Mathematical Modeling and A Novel Heuristic Method for Flexible Job-Shop Batch Scheduling Problem with Incompatible Jobs

Abstract

This paper investigates a novel flexible job-shop scheduling problem, where the machines have batch-processing capacity, but incompatible jobs cannot be processed in a batch (FJSPBI) simultaneously. This problem has wide applications in discrete manufacturing, especially in chemical and steel casting industries. For the first time, in this study, a 3-indexed mixed-integer linear programming (MILP) model is proposed, which can be efficiently and optimally solved by commercial solvers for small-scale problems. In addition, an improved large neighborhood search (LNS) algorithmic framework with an optimal insertion and tabu-based components (LNSIT) is proposed, which can achieve high-quality solutions for a large-scale FJSPBI in a reasonable time. A perturbation strategy and an optimal insertion strategy are then additionally embedded to improve the exploitation and exploration ability of the algorithm.
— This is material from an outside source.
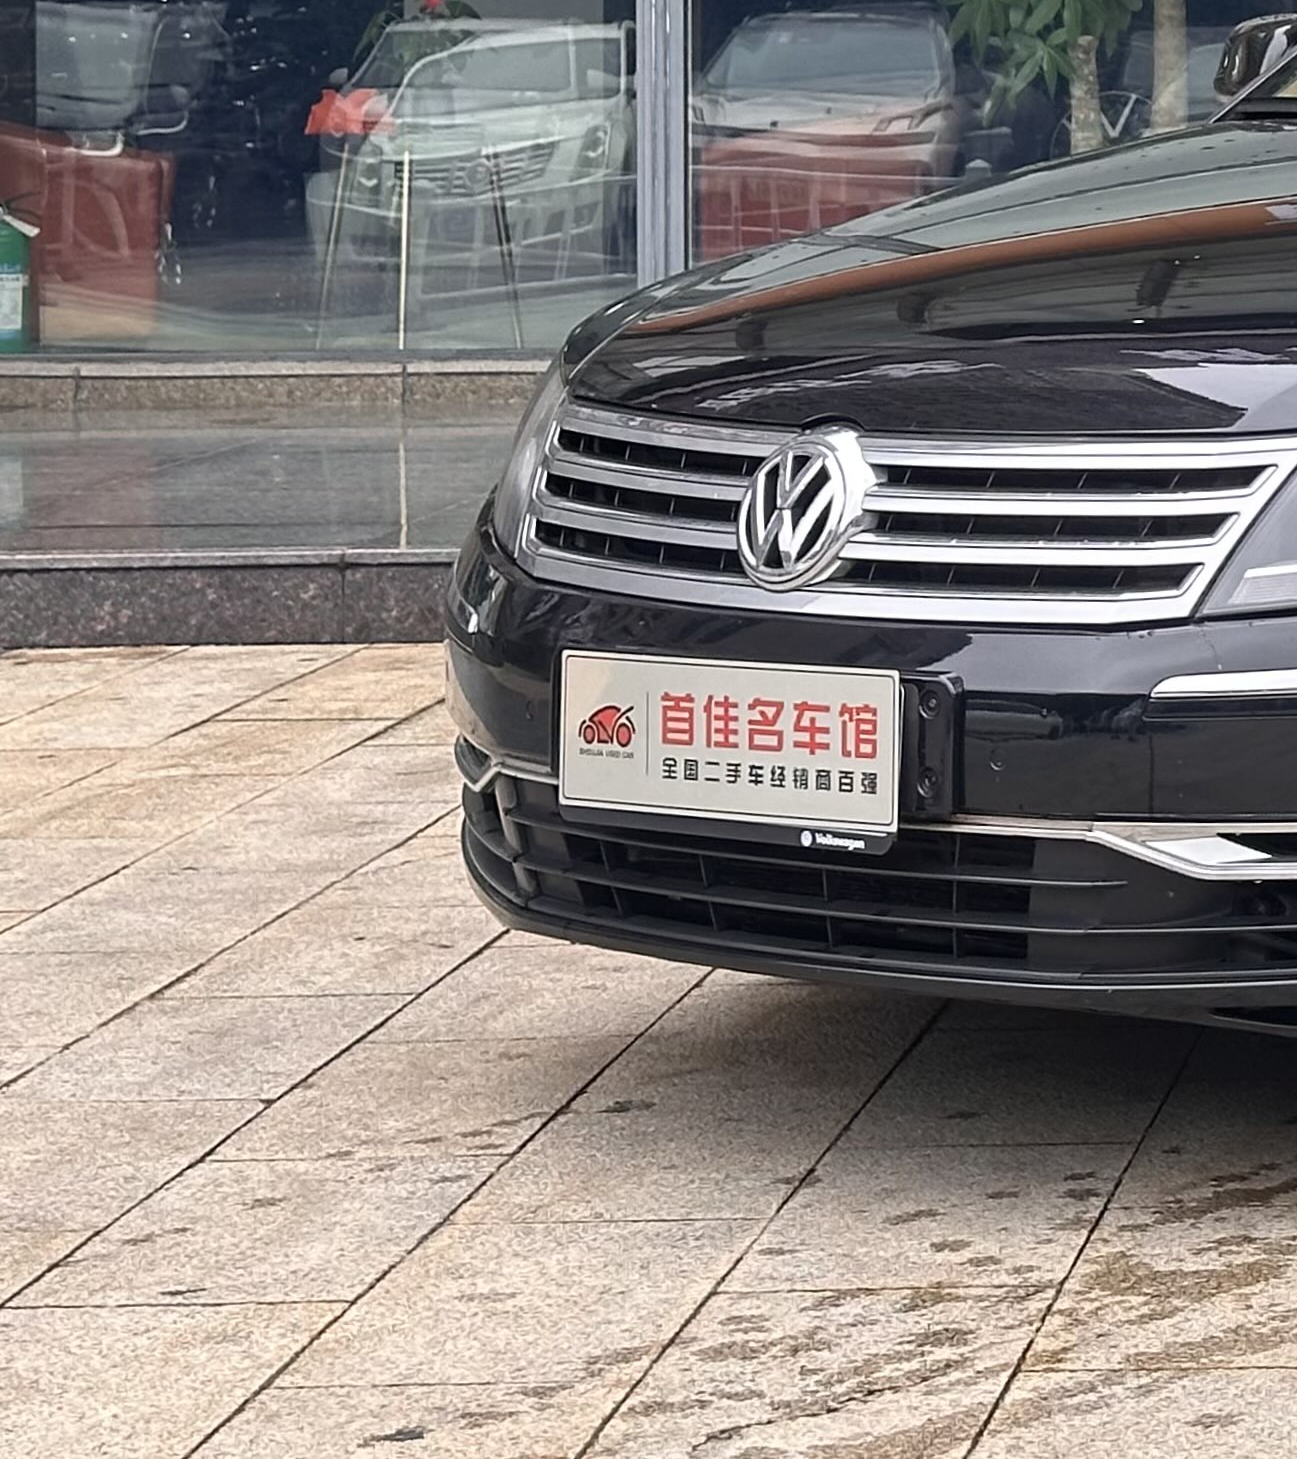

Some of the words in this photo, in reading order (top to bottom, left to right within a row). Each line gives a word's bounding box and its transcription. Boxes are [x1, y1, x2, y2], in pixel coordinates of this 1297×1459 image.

[660, 691, 878, 759] 首佳名车馆
[662, 756, 878, 795] 全国二手车经销商百强
The proposed model and algorithm are tested on numerous existing benchmark instances without the incompatibility characteristics, and on newly generated instances of the FJSPBI. The experimental results indicate the effectiveness of the proposed MILP model and the algorithm, including the proposed strategies, and the optimal insertion strategy can significantly reduce the computational burden of the LNS algorithm. The comparison results further verify that the proposed LNSIT can directly solve the specific flexible job-shop batch scheduling problem without incompatibility, with better results than existing methods, especially for large-scale instances. Additionally, the impacts of a wide range of characteristics, including batch capacity, incompatibility rate, instance scale, and machine processing rate, on the performance of the LNSIT and the scheduling results are analyzed and presented.